Johnson & Johnson, however, made an even bigger splash at the convention. It sponsored a performance by entertainer Tony Bennett for conventioneers and plugged Procrit in ads on cable cars. A paid “speakers bureau” of about 100 medical experts stands ready to discuss what Ortho Biotech’s Webb called “the differences” between Aranesp and EPO. The experts will conduct educational seminars and speak at conventions.

“We have trained our [sales] reps. . . . We have a whole program in place,” she said.

She said Johnson & Johnson is likely to boost Procrit advertising, which totaled $25 million in 2000, according to ad-tracking firm Competitive Media Reports. Amgen spent virtually nothing to plug Epogen, according to CMR data.

Johnson & Johnson has raised several alarms about Aranesp. Basant Sharma, a scientist and Johnson & Johnson vice president, told analysts at a recent meeting that Aranesp has more severe side effects than EPO, including a higher incidence of nausea, shortness of breath and hypertension. And he suggested the altered Aranesp protein could spark an immune response.

But Tony Gringeri, Amgen product development vice president, countered that Johnson & Johnson cherry-picked results from a raft of studies that collectively show the drugs have similar side effects in some patients. He said dialysis patients who have been taking Aranesp for as long as three years have not developed antibodies to it.

“Their concerns are business concerns, not medical concerns,” Gringeri said. “We are competing for the same patients, and they are doing everything they can do to maintain their competitive edge.”

Amgen and Johnson & Johnson have long feuded over the anemia business.

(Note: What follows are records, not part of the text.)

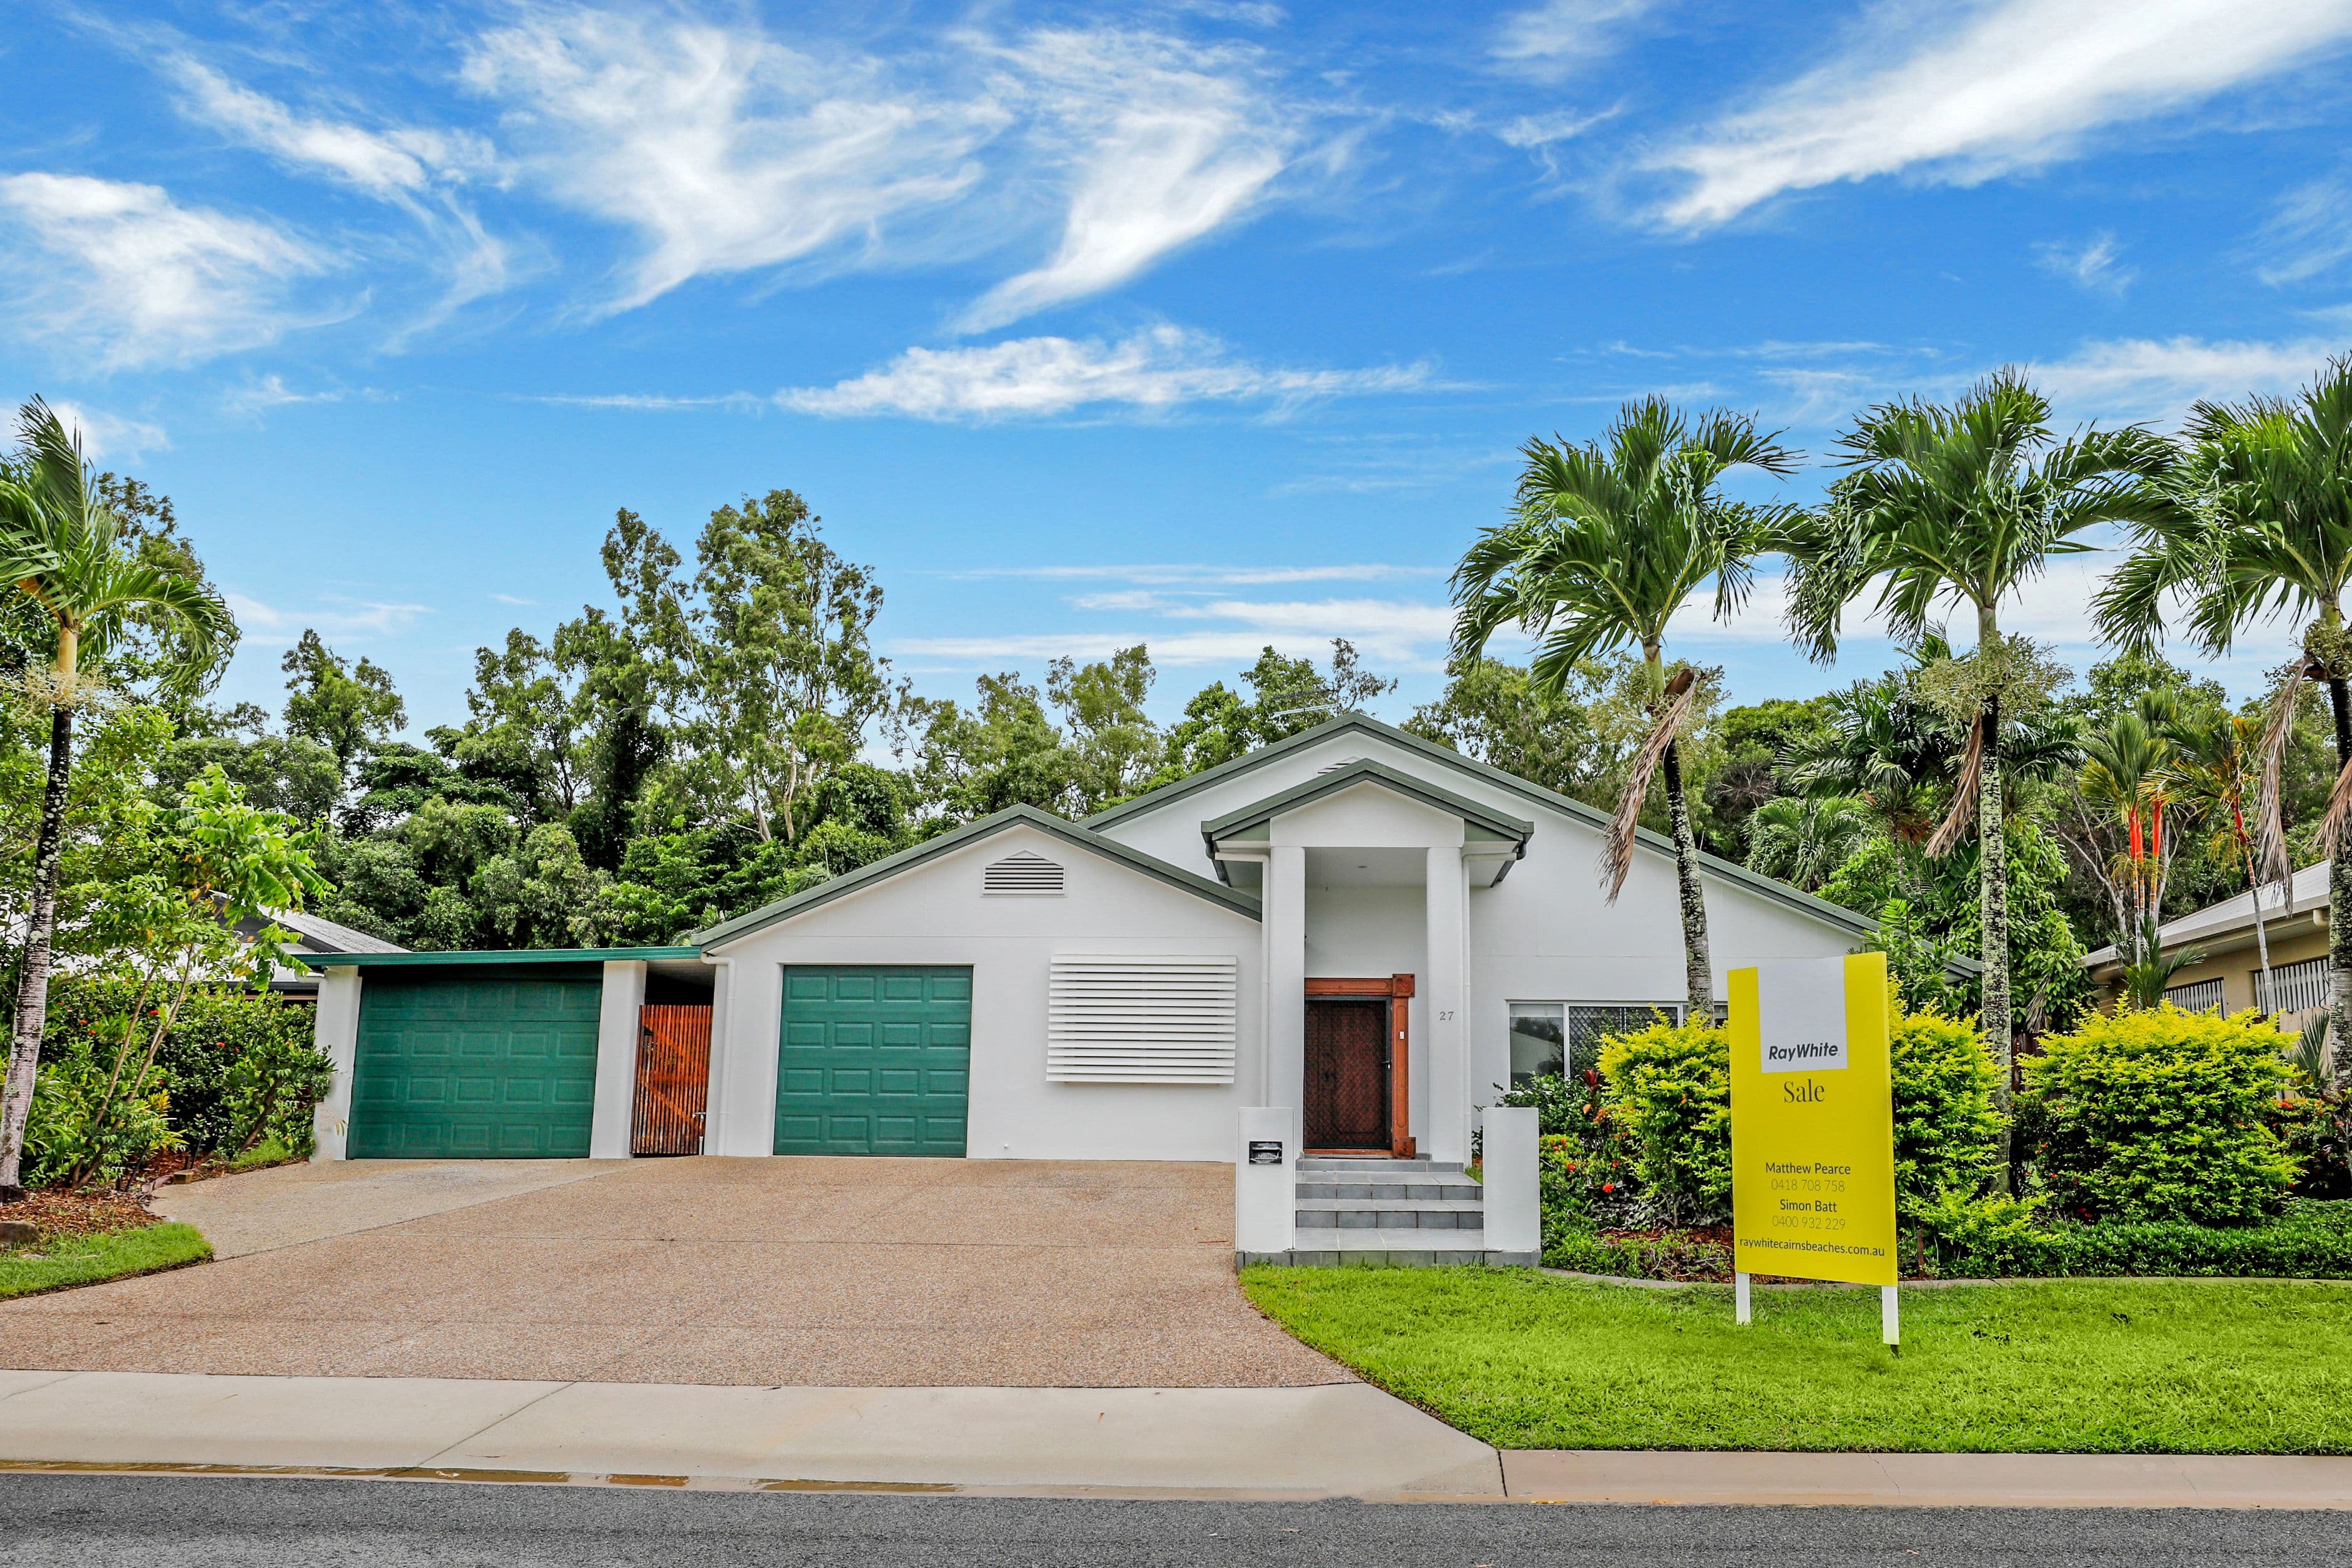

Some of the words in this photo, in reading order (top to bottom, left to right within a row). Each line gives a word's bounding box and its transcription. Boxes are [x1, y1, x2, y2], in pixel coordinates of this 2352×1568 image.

[1439, 1011, 1454, 1021] 27
[1768, 1042, 1839, 1061] RayWhite
[1783, 1078, 1825, 1103] Sale
[1765, 1162, 1811, 1174] Matthew
[1815, 1162, 1851, 1175] Pearce
[1771, 1178, 1798, 1191] 0418
[1801, 1179, 1821, 1192] 708
[1825, 1180, 1845, 1192] 758
[1780, 1198, 1811, 1211] Simon
[1815, 1200, 1838, 1212] Batt
[1772, 1215, 1799, 1228] 0400
[1801, 1217, 1821, 1229] 932
[1825, 1218, 1846, 1231] 229
[1739, 1237, 1885, 1257] raywhitecairnsbeaches.com.au

Not long after signing the 1985 licensing deal, Amgen accused Johnson & Johnson of poaching in its dialysis business, and the firms revised the deal.

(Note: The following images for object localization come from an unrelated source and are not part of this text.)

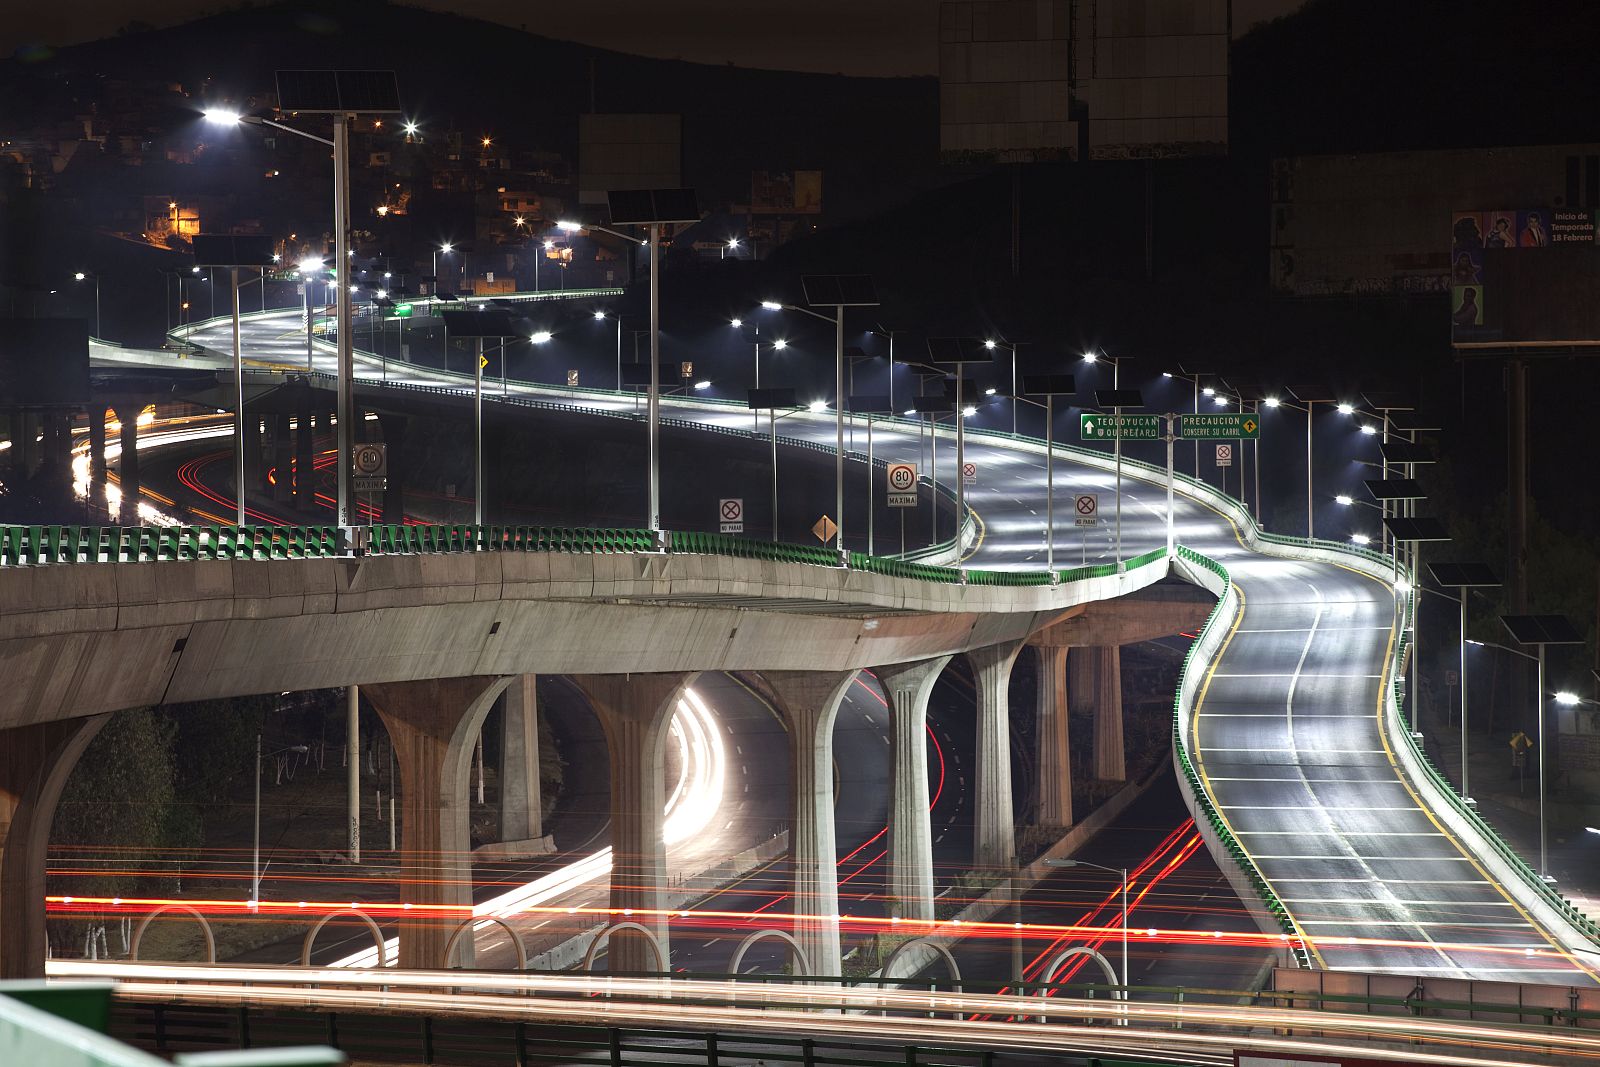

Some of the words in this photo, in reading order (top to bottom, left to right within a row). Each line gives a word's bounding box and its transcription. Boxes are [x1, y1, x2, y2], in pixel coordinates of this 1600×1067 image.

[1555, 213, 1576, 221] Inicio
[1577, 212, 1588, 220] de
[1551, 223, 1594, 232] Temporada
[1552, 234, 1562, 242] 18
[1183, 417, 1240, 425] PRECAUCION
[1183, 428, 1210, 436] CONSERVE
[1212, 428, 1220, 436] SU
[1222, 428, 1240, 436] CARRIL
[362, 451, 377, 464] 80
[895, 471, 909, 482] 80
[889, 497, 915, 505] MAXIMA

After Amgen developed Aranesp, Johnson & Johnson challenged Amgen in court. It asserted that Aranesp was not a new product but a version of EPO and thus covered by the 1985 marketing agreement. An arbitration panel in 1998 ruled in Amgen’s favor.

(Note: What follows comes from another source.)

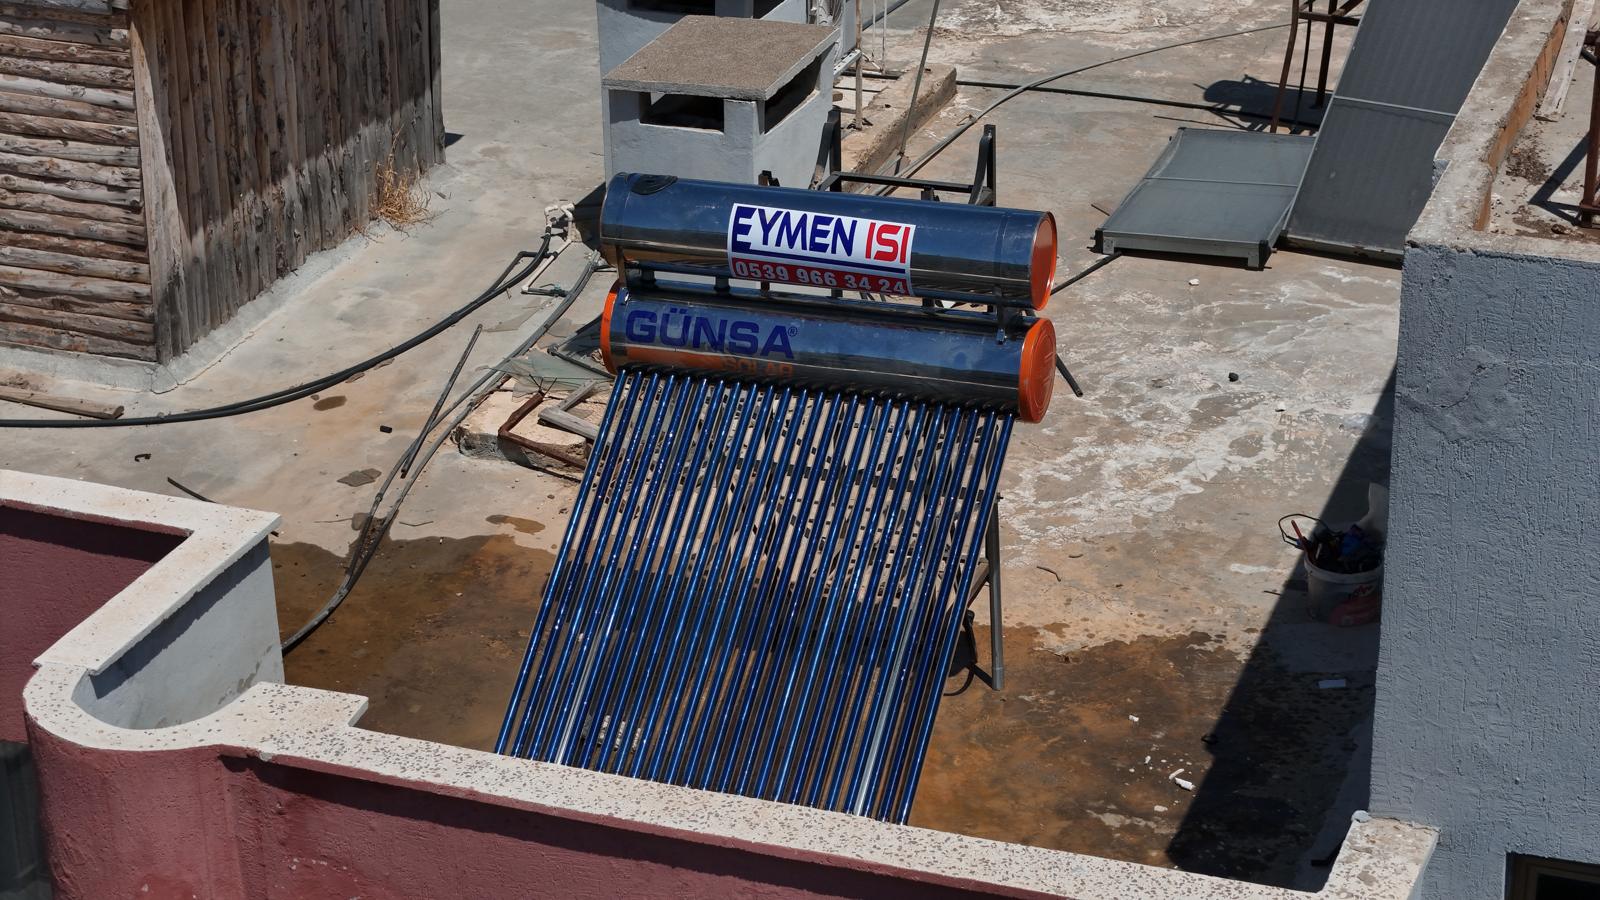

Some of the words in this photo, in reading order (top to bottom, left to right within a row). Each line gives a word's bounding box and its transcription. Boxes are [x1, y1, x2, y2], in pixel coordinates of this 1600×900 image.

Amgen is seeking to terminate the EPO licensing pact, and an arbitration hearing is scheduled for September. Amgen claims that in the early 1990s Johnson & Johnson deliberately sold Procrit in the U.S. dialysis market. Johnson & Johnson said there is no basis for ending its marketing deal and is fighting the accusation.

Johnson & Johnson’s Webb said there is room for both drugs. The oncology and pre-dialysis markets are less than 30% saturated, the company estimates. Beyond that, Amgen and Johnson & Johnson are exploring new applications for anemia treatments, such as in stroke and intensive-care patients, that would further expand their businesses.

The launch of Aranesp and competition between the two companies will create “a lot of noise” in the marketplace that will benefit the firms and patients, Webb said. “More physicians will put more patients on the drug. This will really benefit patients,” she said.